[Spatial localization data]
□ □ □ □

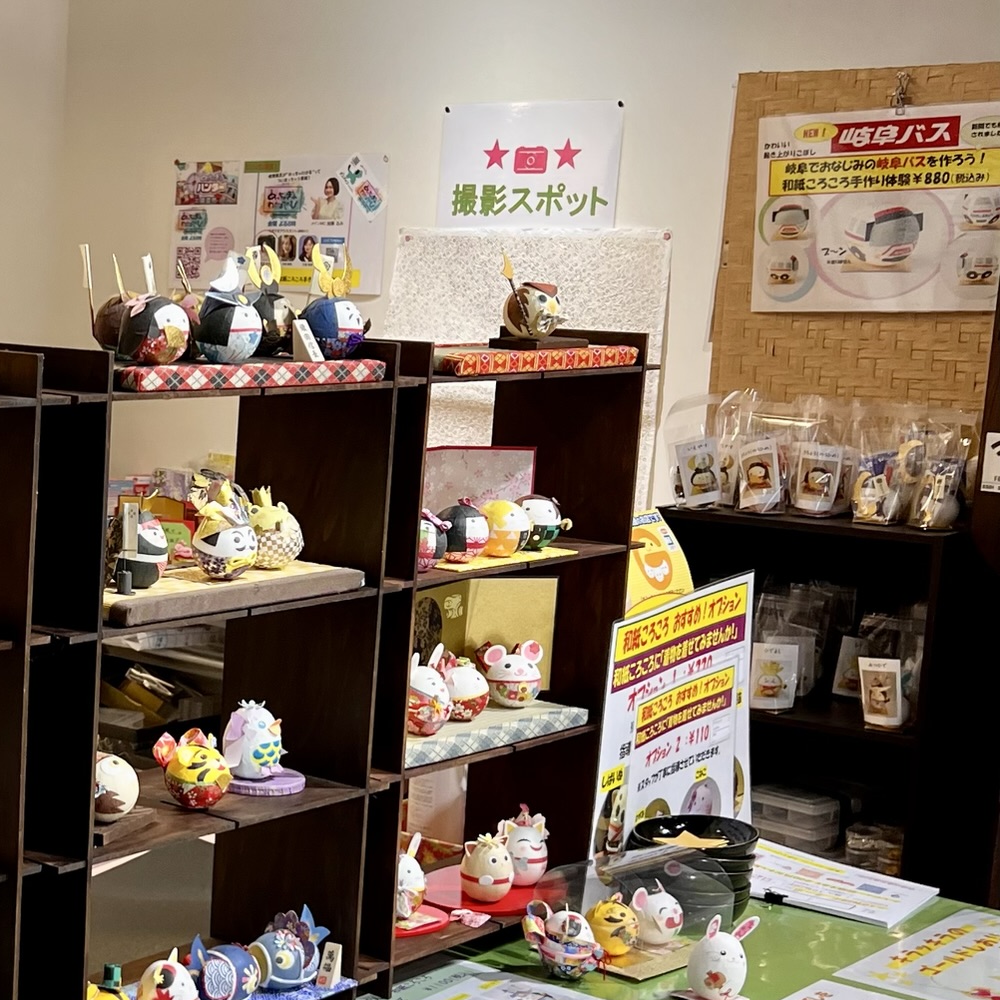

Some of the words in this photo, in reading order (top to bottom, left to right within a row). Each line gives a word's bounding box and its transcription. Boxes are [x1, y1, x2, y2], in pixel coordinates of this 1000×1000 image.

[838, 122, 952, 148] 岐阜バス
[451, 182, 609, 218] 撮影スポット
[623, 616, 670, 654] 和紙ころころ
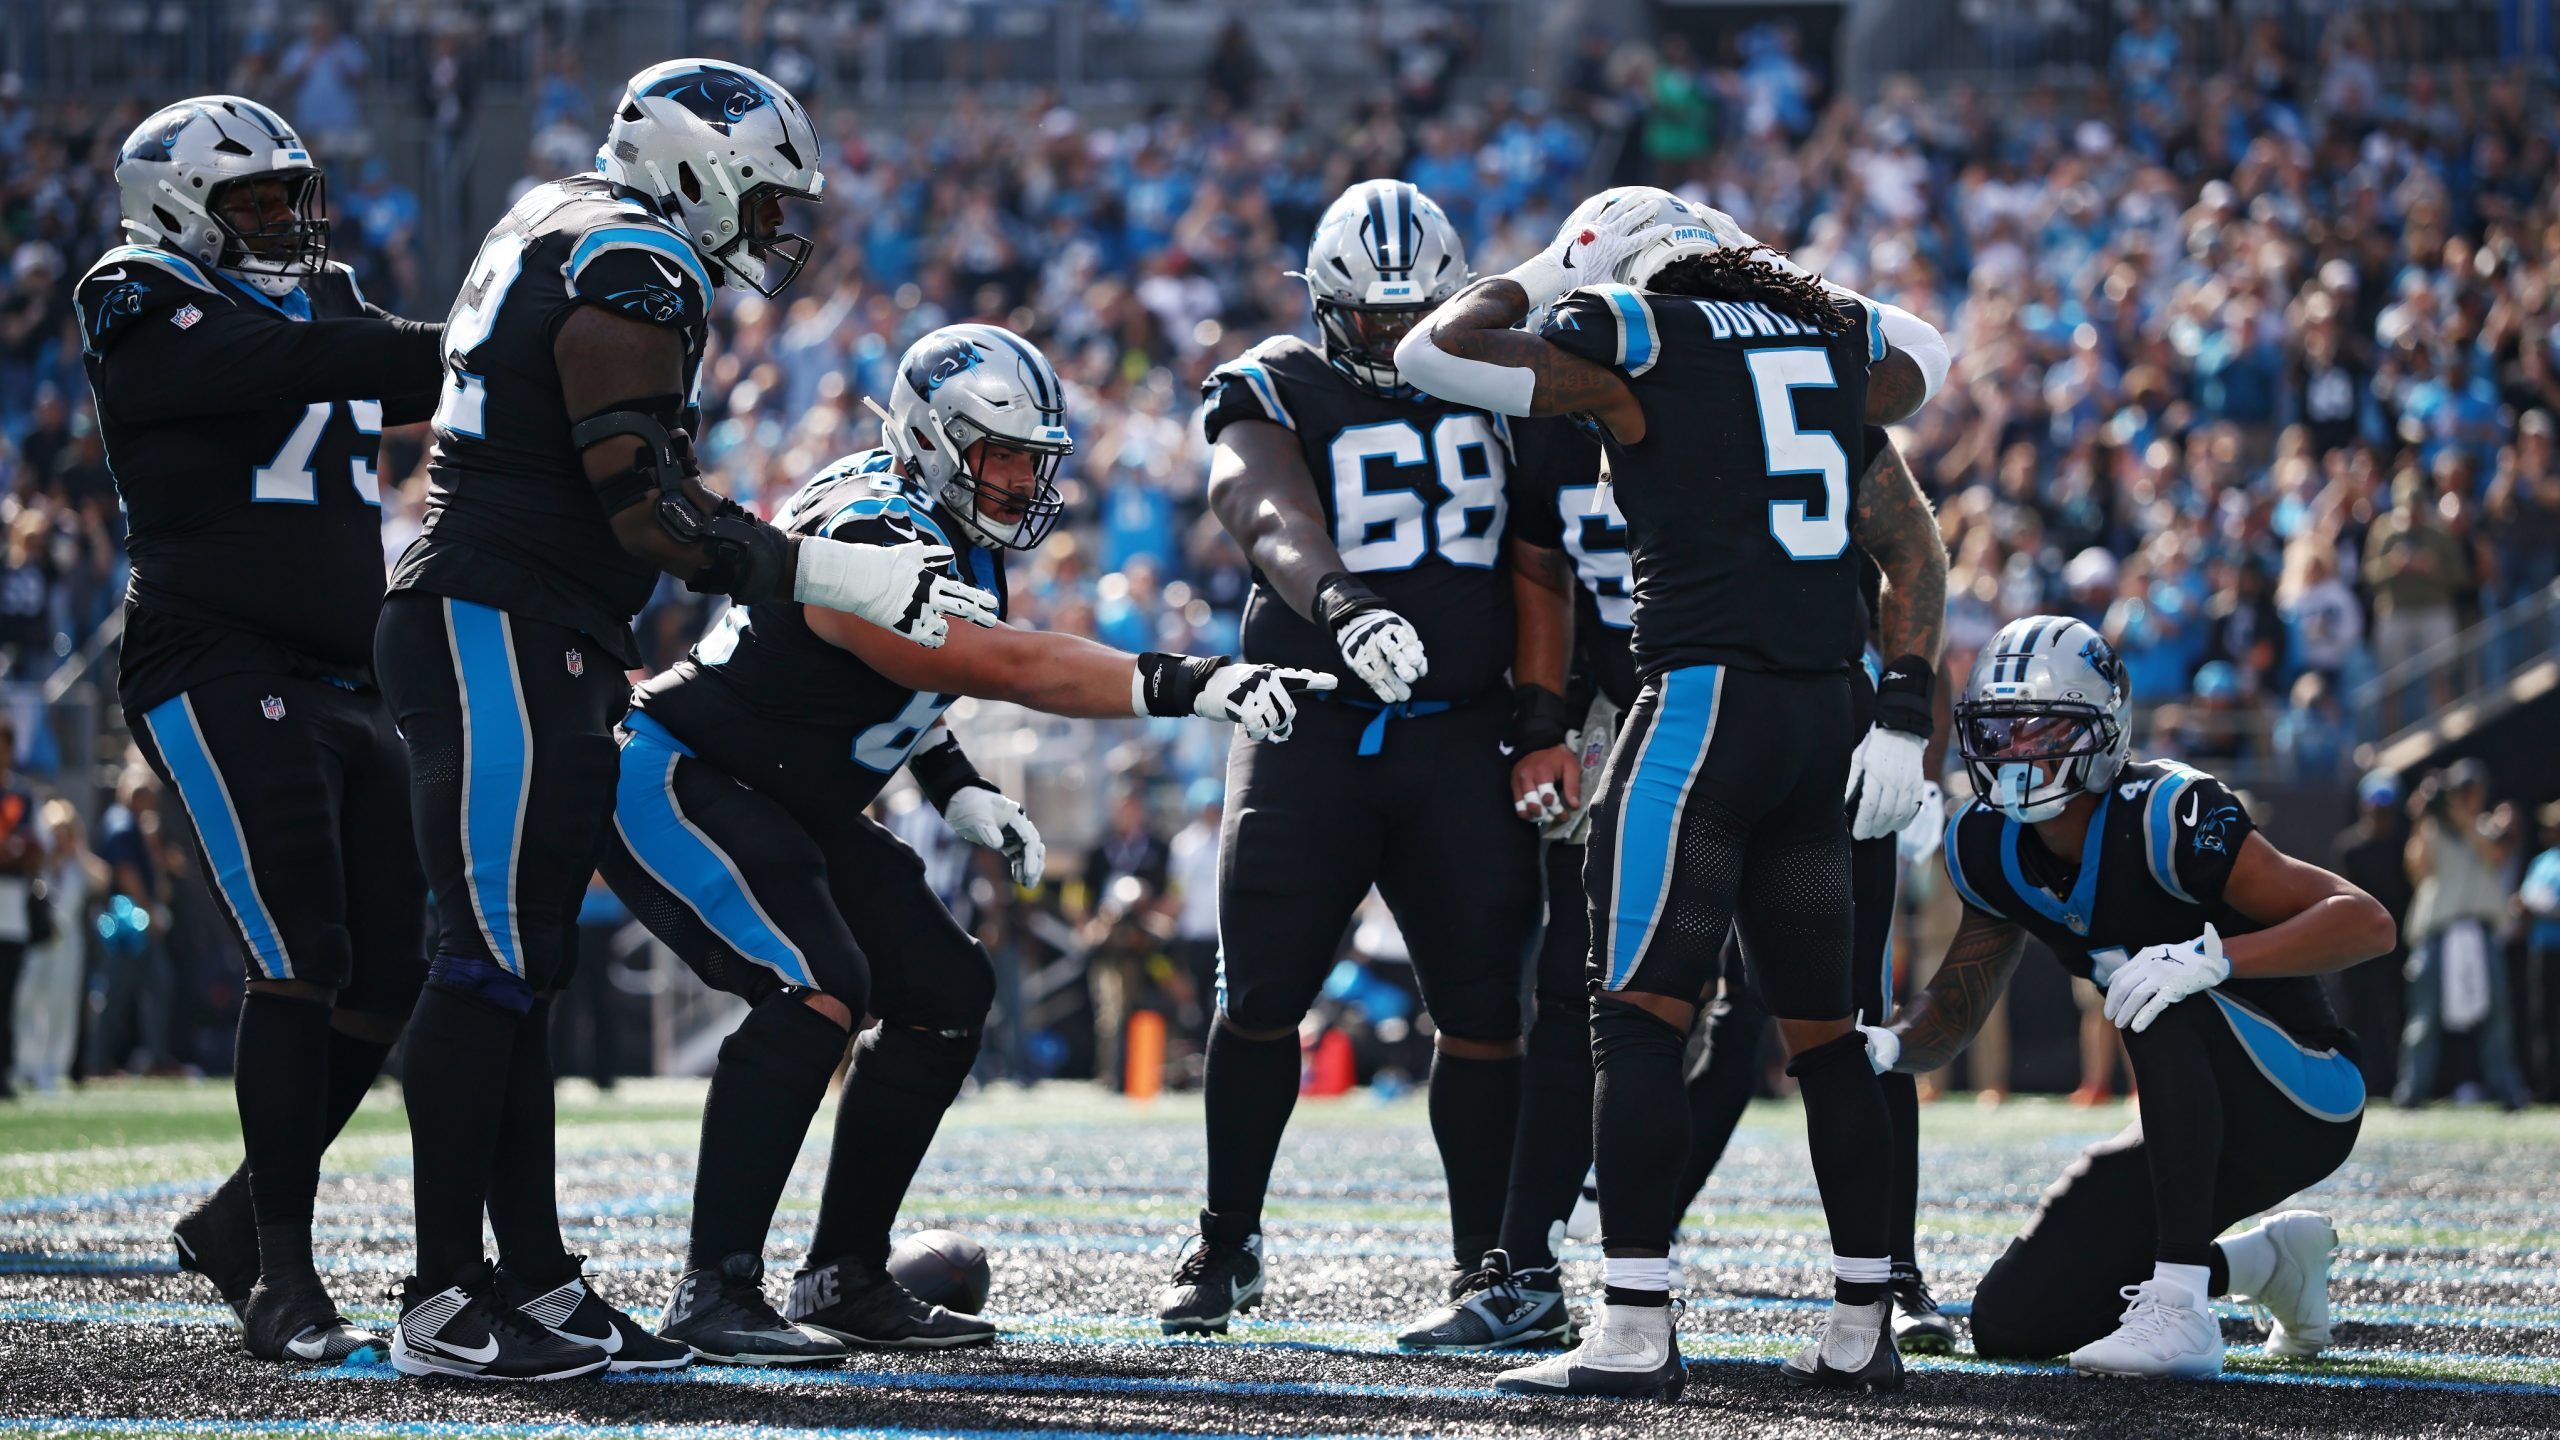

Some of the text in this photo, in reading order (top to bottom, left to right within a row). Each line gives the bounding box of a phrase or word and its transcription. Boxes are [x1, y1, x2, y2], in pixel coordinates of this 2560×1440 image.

□ □ □ □

Word-for-word output of every record is needed, with images omitted.

**Exercise solution**
Some of the words in this photo, in reading order (top to bottom, left to right within a row). Each line gives a word's bounding box and its transcription. Boxes are [x1, y1, x2, y2], in pixel coordinates of this 1000×1000 image.

[838, 122, 952, 148] 岐阜バス
[451, 182, 609, 218] 撮影スポット
[623, 616, 670, 654] 和紙ころころ

Some of the text in this photo, in reading order (top to bottom, left to right within a row). Each line gives the bounding box of a phrase or word and its transcription. Boxes are [x1, y1, x2, y2], in pixel coordinates of this 2560×1440 image.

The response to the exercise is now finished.